Originally posted by ihadtnowegtum
Originally posted by MrQuetch
I hope this isn't too out of the blue or anything - but I'm fairly new on rustedlogic. I've been looking at this thread for the past year now and am amazed what you guys have been able to both discover and accomplish. So, why am I here you ask?
Well, lately I've been home brewing for the N64, and I've noticed that you guys have a model viewer that allows you to see the Dinosaur Planet N64 leftovers. I was wondering if someone on here - anyone for that matter, could upload those model files as a modern usable format like 3ds., obj., or some other similar format, and zip up all the possible models in a file and attach it to this thread. I'd also like to see whatever textures still exist for the DP64, unfortunately to me, it seems there are not many - correct me if I'm wrong.
So far in my home brewing experience, I've been able to draw different colored polys with alpha using the NuSystem, have got controller input working, and have as of yesterday finally drawn textures and polygons using those textures. So, although that may not sound like much right now (even though I've been learning how the system and C programming works for the past couple months), I think I know enough that we could fake a DP rom, such to the extent where we can pan the camera viewing the existing scenes from the game. About moving characters and stuff like that, I'm afraid that's going to take a long time to learn, but it'd be worth it.
Thanks. Hope to hear from you guys soon!
I think any effort to re-make/restore the game is quite welcome by the fanbase (:
I've kinda been hoping for the same /:
and yeah, 3D programming is something else. I'm briefly touched rendering code a few times. (abstracted nicely by libraries/APIs so I don't have to do the really hard stuff (; ) It'd be worth it for you to learn if you're really into it. and good luck!
Honestly, I was starting to worry this thread was dead... I think it's just no one has had anything to say/add... I've also been lurking quite a while. I had nothing to say/show here, so I didn't say it. I still don't, really.
So, as far as characters and objects in general are concerned (from what I've learned so far), I do know that you have to type-define a structure, and within that structure you can set your variables such as position(x, y, z), health, etc., and then name the structure after that.
x = 0; //declare pos vars (position)
y = 0;
z = 0;
rotX = 0; //declare rot vars (rotation)
rotY = 0;
rotZ = 0;
isGrounded = false; //whether you've jumped or not
health = 100; //declare important vars
lives = 3;
magic = 100;
scarabs = 0; //declare inventory vars
grubTubs = 0;
binoculars = false;
bouncyBall = false;
havePartner = false; //once you've met either Kyte or Tricky
playerMesh = 0; //0 for Krystal - 1 for Sabre
}playerObj; //name the object, in this case - the player
I doubt that's how some of the game's code could have looked, but this is purely just an example. Of course, this is one of the more simple examples of how the objects work. We could get really complex and start adding type-definitions of arrays which store the position and rotation instead of declaring each one separate.
For another example:
static typedef struct Vec3_p; //declare a global var with a container of 3 for p (position)

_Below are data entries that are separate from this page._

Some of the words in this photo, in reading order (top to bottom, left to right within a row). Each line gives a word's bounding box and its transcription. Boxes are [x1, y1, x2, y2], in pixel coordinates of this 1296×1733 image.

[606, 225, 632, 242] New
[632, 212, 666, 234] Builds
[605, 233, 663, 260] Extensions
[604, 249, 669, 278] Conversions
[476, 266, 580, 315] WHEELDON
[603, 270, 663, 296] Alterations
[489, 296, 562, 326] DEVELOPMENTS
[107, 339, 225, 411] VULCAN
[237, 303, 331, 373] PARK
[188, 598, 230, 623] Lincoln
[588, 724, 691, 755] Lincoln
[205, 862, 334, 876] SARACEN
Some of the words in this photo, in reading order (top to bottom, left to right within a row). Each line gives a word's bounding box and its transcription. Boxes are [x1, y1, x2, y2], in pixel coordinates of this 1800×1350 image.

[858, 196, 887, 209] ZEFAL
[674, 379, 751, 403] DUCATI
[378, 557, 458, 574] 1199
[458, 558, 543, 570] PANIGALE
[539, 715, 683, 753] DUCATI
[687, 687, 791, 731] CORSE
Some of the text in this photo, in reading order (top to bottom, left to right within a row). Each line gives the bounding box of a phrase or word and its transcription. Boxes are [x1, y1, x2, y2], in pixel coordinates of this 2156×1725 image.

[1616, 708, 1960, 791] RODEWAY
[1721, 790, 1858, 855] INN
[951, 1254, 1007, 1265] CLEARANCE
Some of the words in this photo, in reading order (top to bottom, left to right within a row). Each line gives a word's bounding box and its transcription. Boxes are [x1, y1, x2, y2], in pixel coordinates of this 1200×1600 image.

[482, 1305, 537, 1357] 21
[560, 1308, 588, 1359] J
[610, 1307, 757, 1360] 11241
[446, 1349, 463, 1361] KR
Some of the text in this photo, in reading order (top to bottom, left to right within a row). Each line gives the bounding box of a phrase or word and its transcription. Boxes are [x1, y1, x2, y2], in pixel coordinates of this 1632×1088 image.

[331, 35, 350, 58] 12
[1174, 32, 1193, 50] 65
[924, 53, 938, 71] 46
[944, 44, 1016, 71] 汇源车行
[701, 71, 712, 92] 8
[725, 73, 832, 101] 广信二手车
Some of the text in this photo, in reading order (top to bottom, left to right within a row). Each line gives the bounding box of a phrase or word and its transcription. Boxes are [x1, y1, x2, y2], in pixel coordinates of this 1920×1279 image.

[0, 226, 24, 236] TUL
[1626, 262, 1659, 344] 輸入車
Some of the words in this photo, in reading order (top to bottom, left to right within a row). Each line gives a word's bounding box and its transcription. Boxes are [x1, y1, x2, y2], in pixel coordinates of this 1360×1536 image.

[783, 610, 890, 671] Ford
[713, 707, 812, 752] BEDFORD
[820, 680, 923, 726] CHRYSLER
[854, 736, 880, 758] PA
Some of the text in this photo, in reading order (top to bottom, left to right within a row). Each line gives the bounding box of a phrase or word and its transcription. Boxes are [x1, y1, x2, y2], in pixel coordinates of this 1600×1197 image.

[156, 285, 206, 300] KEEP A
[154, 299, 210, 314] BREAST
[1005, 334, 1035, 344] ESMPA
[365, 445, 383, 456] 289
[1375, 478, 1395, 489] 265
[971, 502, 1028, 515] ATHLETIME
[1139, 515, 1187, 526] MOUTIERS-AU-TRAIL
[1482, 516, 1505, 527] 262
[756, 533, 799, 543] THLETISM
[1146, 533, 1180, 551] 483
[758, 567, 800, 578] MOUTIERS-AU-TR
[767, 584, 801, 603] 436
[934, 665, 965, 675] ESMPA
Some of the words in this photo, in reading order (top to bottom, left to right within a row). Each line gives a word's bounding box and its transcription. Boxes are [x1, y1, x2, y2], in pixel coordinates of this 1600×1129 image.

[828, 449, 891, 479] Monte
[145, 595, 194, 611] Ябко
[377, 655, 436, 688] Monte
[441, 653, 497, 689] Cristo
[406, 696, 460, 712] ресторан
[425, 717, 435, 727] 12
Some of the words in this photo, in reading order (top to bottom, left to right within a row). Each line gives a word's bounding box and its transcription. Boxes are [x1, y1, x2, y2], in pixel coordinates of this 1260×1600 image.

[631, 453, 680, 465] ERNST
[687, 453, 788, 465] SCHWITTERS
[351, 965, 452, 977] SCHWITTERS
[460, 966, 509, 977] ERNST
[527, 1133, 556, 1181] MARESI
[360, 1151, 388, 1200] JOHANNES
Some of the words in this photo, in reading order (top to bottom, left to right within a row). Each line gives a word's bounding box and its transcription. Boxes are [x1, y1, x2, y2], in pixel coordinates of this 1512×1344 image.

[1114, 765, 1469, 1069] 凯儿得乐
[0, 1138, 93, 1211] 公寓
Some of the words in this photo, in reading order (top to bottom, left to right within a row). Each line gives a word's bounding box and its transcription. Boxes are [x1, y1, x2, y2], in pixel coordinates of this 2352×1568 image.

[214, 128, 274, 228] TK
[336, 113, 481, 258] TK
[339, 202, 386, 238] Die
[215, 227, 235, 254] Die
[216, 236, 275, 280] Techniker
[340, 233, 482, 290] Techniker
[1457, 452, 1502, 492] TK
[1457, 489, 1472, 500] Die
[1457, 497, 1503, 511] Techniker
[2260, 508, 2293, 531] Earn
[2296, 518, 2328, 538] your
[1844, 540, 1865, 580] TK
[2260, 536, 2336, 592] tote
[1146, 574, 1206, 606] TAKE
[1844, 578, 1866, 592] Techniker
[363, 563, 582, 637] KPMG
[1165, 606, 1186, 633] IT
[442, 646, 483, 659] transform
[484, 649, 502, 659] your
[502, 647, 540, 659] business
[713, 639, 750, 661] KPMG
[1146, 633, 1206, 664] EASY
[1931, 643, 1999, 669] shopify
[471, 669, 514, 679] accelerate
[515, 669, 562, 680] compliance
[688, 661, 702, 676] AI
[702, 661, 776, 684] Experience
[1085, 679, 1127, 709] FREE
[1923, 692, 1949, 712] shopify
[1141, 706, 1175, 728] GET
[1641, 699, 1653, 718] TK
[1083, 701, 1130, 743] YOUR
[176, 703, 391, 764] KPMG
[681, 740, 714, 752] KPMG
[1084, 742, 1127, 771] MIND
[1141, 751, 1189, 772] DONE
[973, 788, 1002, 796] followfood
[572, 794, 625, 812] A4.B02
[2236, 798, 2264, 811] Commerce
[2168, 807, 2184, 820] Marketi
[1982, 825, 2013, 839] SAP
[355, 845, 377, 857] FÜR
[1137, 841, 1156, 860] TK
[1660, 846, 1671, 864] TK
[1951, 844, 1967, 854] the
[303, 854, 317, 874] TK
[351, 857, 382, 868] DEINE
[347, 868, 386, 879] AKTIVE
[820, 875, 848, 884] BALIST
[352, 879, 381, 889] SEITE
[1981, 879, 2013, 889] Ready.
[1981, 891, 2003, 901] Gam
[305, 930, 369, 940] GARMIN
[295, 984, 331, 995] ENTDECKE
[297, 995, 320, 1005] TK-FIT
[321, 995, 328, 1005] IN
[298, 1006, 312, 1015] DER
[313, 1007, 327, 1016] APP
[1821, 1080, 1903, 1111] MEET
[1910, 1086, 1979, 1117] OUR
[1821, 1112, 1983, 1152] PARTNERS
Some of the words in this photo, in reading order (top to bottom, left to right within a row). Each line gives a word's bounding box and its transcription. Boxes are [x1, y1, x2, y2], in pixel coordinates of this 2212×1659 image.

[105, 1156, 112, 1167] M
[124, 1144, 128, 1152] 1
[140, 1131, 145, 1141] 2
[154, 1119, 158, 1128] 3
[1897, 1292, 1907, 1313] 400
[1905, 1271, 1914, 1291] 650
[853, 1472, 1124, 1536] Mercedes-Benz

static typedef struct Vec3_r; //declare a global var with a container of 3 for r (rotation)
//Vec3 = a vector with 3 values
So, that's a bit more complex, but once it's been defined - and since it's static, that means that for any object we've created that has this var, we don't have to declare it again for every single object. All objects will share these 'Vec3_p' and 'Vec3_r' arrays. Honestly, I'm not sure how the variables were set up for DP64, but they must have been similar in some way. If you think about it, at one point or another, all programmers wonder how something was done. A lot of it comes from learning at your own pace, and learning from your mistakes - thus making you a better programmer.
Besides those variables for positions and rotations, it might also be a good idea to learn about matrices. I've looked into matrices a bit, but I still have some more to learn about them. Basically, by using multiple matrices, we could be able to have animated characters and objects.
For (yet again) another example:
Mtx Head; //define 11 'bones' for a character
} Mtx; //abbreviation for matrix in N64 programming manual
I've still got lots to learn, but maybe this has shown some light on some possibilities. I would like those models and textures though if possible - I cannot seem to see find downloads for anything. Perhaps they aren't even here.